HG has received honoraria from Astra Zeneca and BMS for scientific advisory board activities not related to the current study. The remaining authors have no conflicts of interest to declare.

Figures

**FIGURE 1**
Flow diagram of the number of CRC patients available for analyses in the Netherlands Cohort Study (NLCS), 1986–2006. CRC, colorectal cancer; PALGA, Netherlands pathology database; TMA, tissue microarray.

**FIGURE 2**
Mutation frequencies and established mutational subgroups of 2344 CRC patients within the Netherlands Cohort Study (NLCS, 1986–2006). (A) Multi‐layered pie chart showing the distribution and frequencies of genetic alterations in *KRAS*, *PIK3CA*, *BRAF*, *NRAS*, and *MET*, as well as single‐, double‐, and triple‐mutations in combination with MMR status. The inner circle shows the total mutation frequencies of *KRAS*, *PIK3CA*, *BRAF*, *NRAS*, and *MET*. The outer circle shows single‐ double‐ and triple‐ mutations which together contribute to the total mutation frequency, in combination with MMR status. Mutations with a frequency ≤1.2% are not shown. Note: Percentages do not add up to 100% because there is some degree of overlap between mutational groups (e.g., *KRAS* + *PIK3CA*).
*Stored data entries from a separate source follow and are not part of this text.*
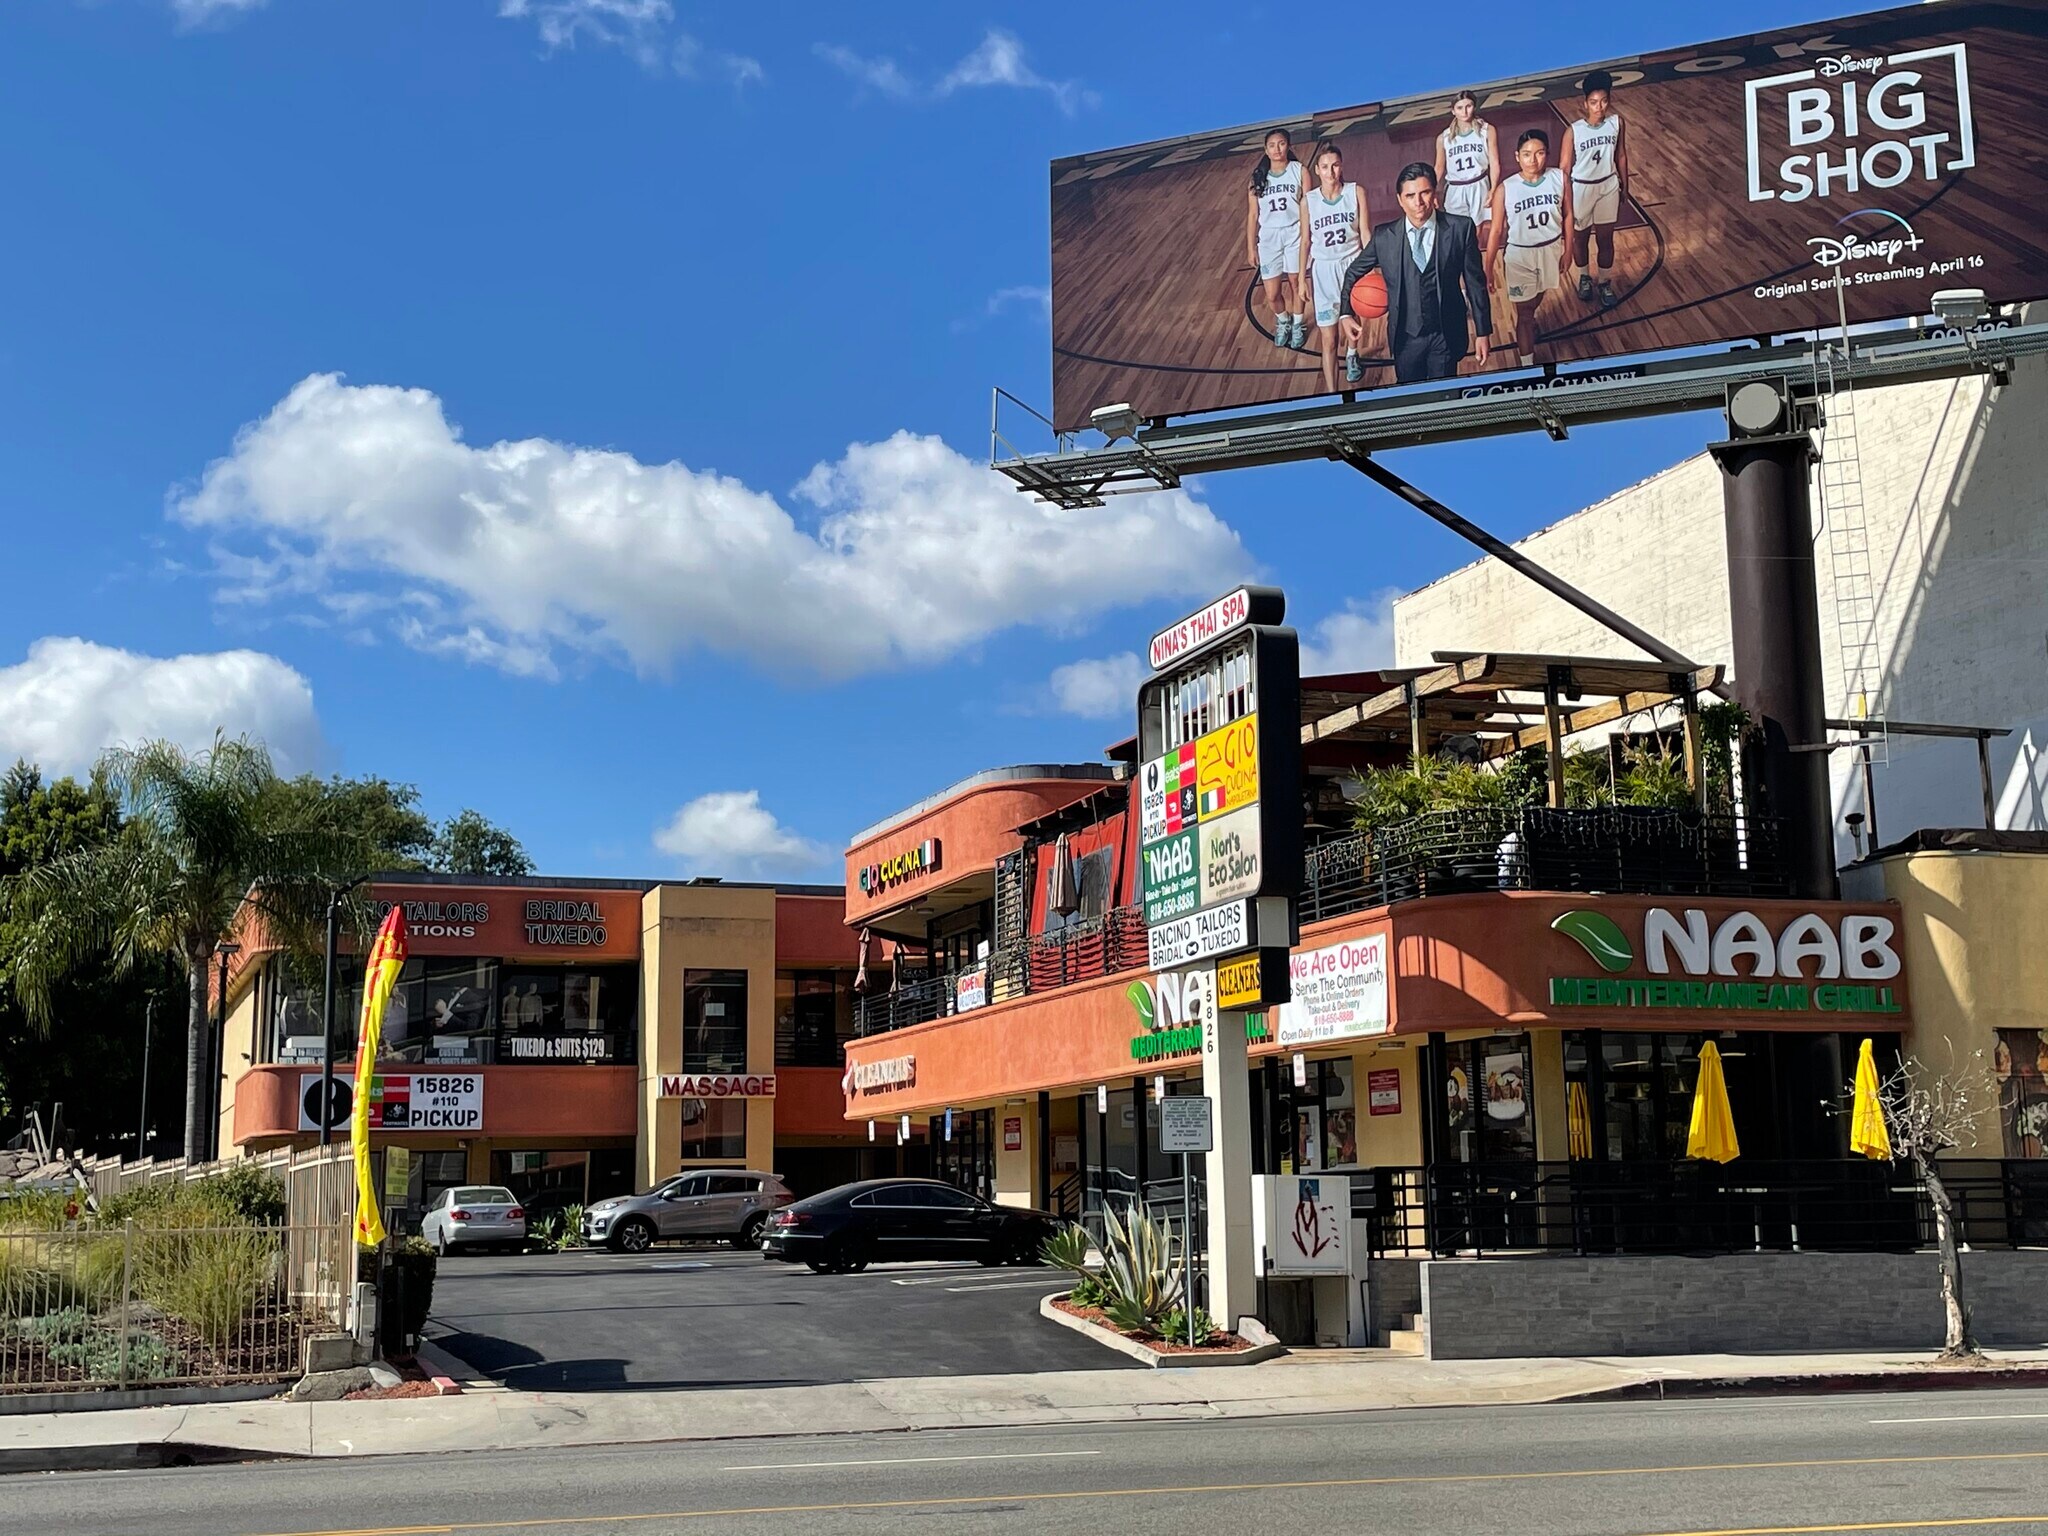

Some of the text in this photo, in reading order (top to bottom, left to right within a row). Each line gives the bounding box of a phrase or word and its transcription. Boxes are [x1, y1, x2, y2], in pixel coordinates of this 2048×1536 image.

[1787, 71, 1926, 147] BIG
[1448, 143, 1483, 157] SIRENS
[1579, 134, 1617, 151] SIRENS
[1455, 156, 1476, 172] 11
[1592, 149, 1602, 165] 4
[1778, 133, 1949, 202] SHOT
[1268, 197, 1288, 212] 13
[1514, 193, 1560, 214] SIRENS
[1314, 212, 1355, 230] SIRENS
[1526, 210, 1550, 230] 10
[1324, 227, 1347, 248] 23
[1754, 279, 1807, 299] Original
[1855, 265, 1925, 284] Streaming
[1929, 257, 1964, 275] April
[1968, 255, 1984, 268] 16
[1153, 594, 1245, 664] NINA'S THAI SPA
[1225, 723, 1255, 768] GIO
[1226, 762, 1257, 795] CUCINA
[1144, 790, 1164, 811] 15826
[1144, 820, 1166, 841] PICKUP
[1211, 832, 1241, 860] Nori's
[859, 848, 920, 892] GIO CUCINA
[1150, 835, 1193, 885] NAAB
[1208, 851, 1258, 888] Eco Salon
[403, 901, 489, 922] TAILORS
[526, 900, 606, 922] BRIDAL
[525, 924, 608, 945] TUXEDO
[1152, 903, 1241, 949] ENCINO TAILORS
[1153, 927, 1241, 966] BRIDAL TUXEDO
[1645, 908, 1901, 980] NAAB
[1290, 945, 1378, 979] We Are Open
[1218, 962, 1261, 998] CLEANERS
[1296, 982, 1318, 997] Serve
[1319, 978, 1335, 992] The
[1337, 967, 1384, 988] Community
[1156, 970, 1202, 1027] NA
[1303, 995, 1320, 1006] Phone
[1345, 988, 1364, 998] Orders
[1337, 1000, 1360, 1011] Delivery
[1550, 978, 1902, 1013] MEDITERRANEAN GRILL
[1131, 1026, 1203, 1059] MEDITERRAN
[1281, 1030, 1297, 1041] Open
[1298, 1028, 1313, 1040] Daily
[510, 1037, 605, 1059] TUXEDO & SUITS $129
[417, 1078, 474, 1093] 15826
[661, 1077, 775, 1096] MASSAGE
[432, 1096, 459, 1106] #110
[411, 1110, 478, 1126] PICKUP
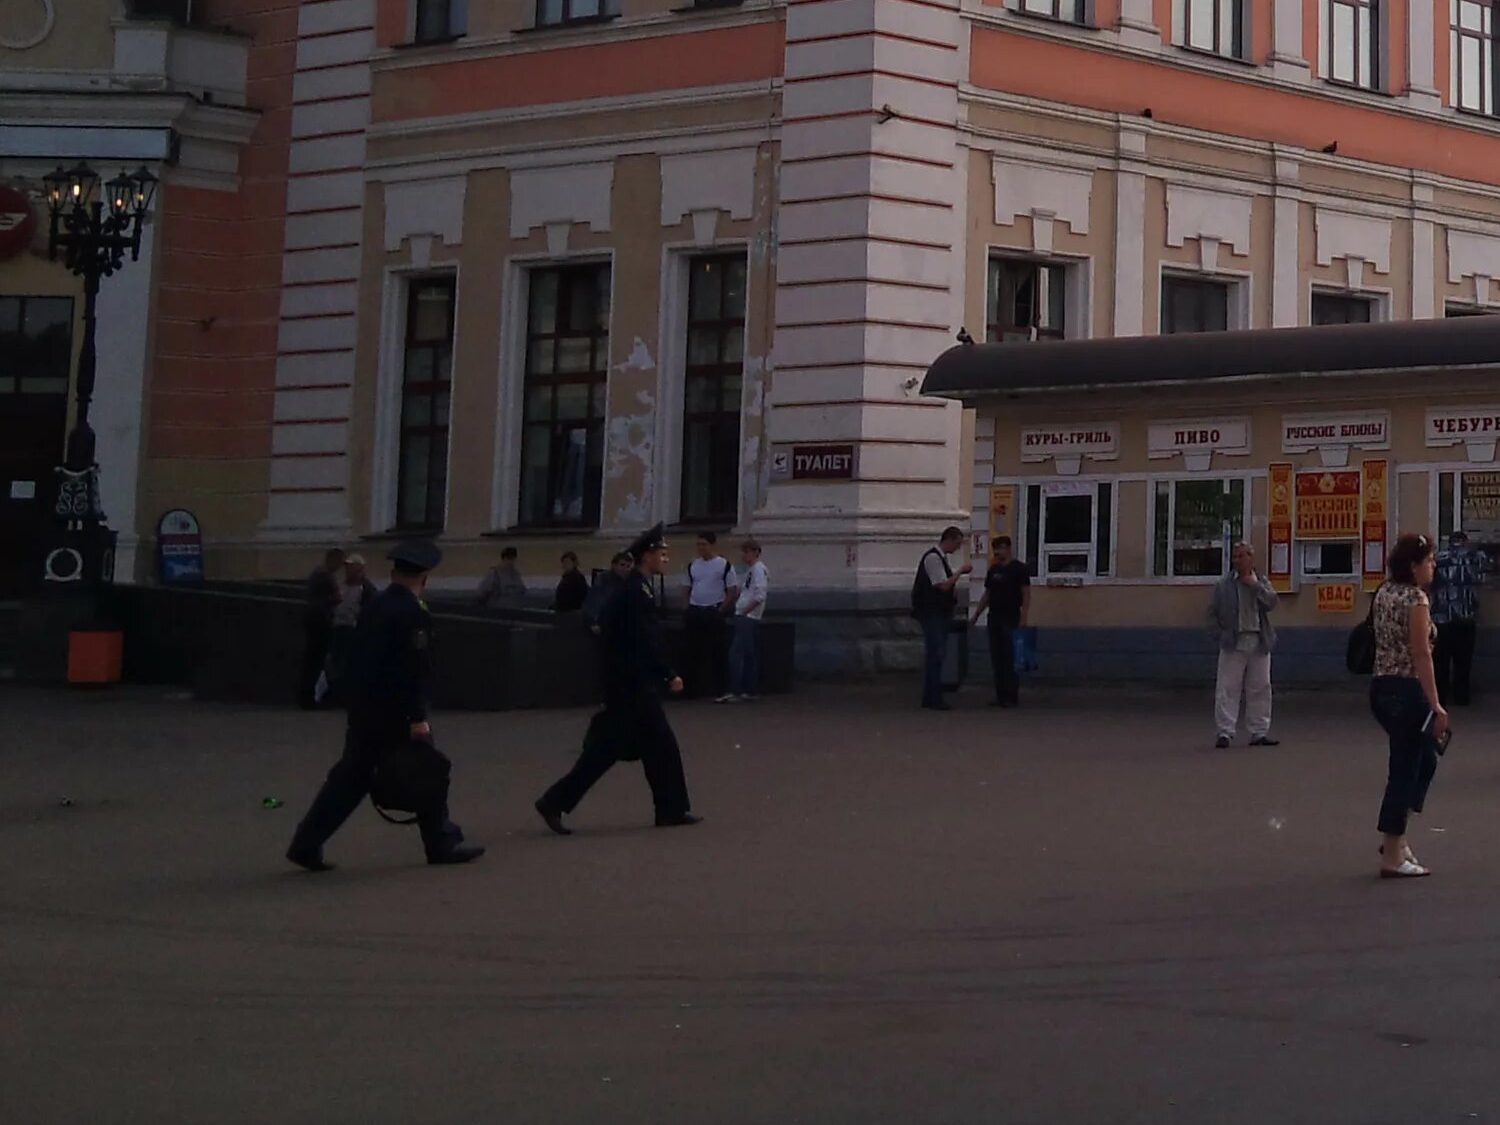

Image colon: Flaticon.com. (B) Pie chart showing the distribution and frequencies of the eight established mutational subgroups: All‐wild‐type + pMMR, *KRAS* _mut + pMMR, *KRAS* _mut + *PIK3CA* _mut + pMMR, *PIK3CA* _mut + pMMR, *BRAF* _mut + pMMR, *BRAF* _mut + dMMR, other+pMMR, and other + dMMR. (C) Histogram showing the distributions and frequencies of combinations of markers (mutational status and MMR status) that together make up the other + dMMR subgroup. (D) Histogram showing the distribution and frequencies of combinations of markers (i.e., mutational status and MMR status) that together make up the other + pMMR subgroup.

**FIGURE 3**
Kaplan–Meier curves according to mutational subgroups (i.e., all‐wild‐type + pMMR, *KRAS* _mut + pMMR, *KRAS* _mut + *PIK3CA* _mut + pMMR, *PIK3CA* _mut + pMMR, *BRAF* _mut + pMMR, *BRAF* _mut + dMMR, other+pMMR, and other+dMMR) in colorectal cancer patients within the Netherlands Cohort Study (NLCS, 1986–2006), showing (A) CRC‐specific survival (median survival times: *KRAS* _mut + pMMR, 7.16 years and *BRAF* _mut + pMMR, 2.48 years) and (B) overall survival (median survival times: All‐wild‐type + pMMR, 5.73 years; *KRAS* _mut + pMMR, 3.49 years; *KRAS* _mut + *PIK3CA* _mut + pMMR, 4.79 years; *PIK3CA* _mut + pMMR, 5.91 years; *BRAF* _mut + pMMR, 1.83 years; *BRAF* _mut + dMMR, 5.46 years; other + pMMR, 4.25 years; other + dMMR, 8.04 years).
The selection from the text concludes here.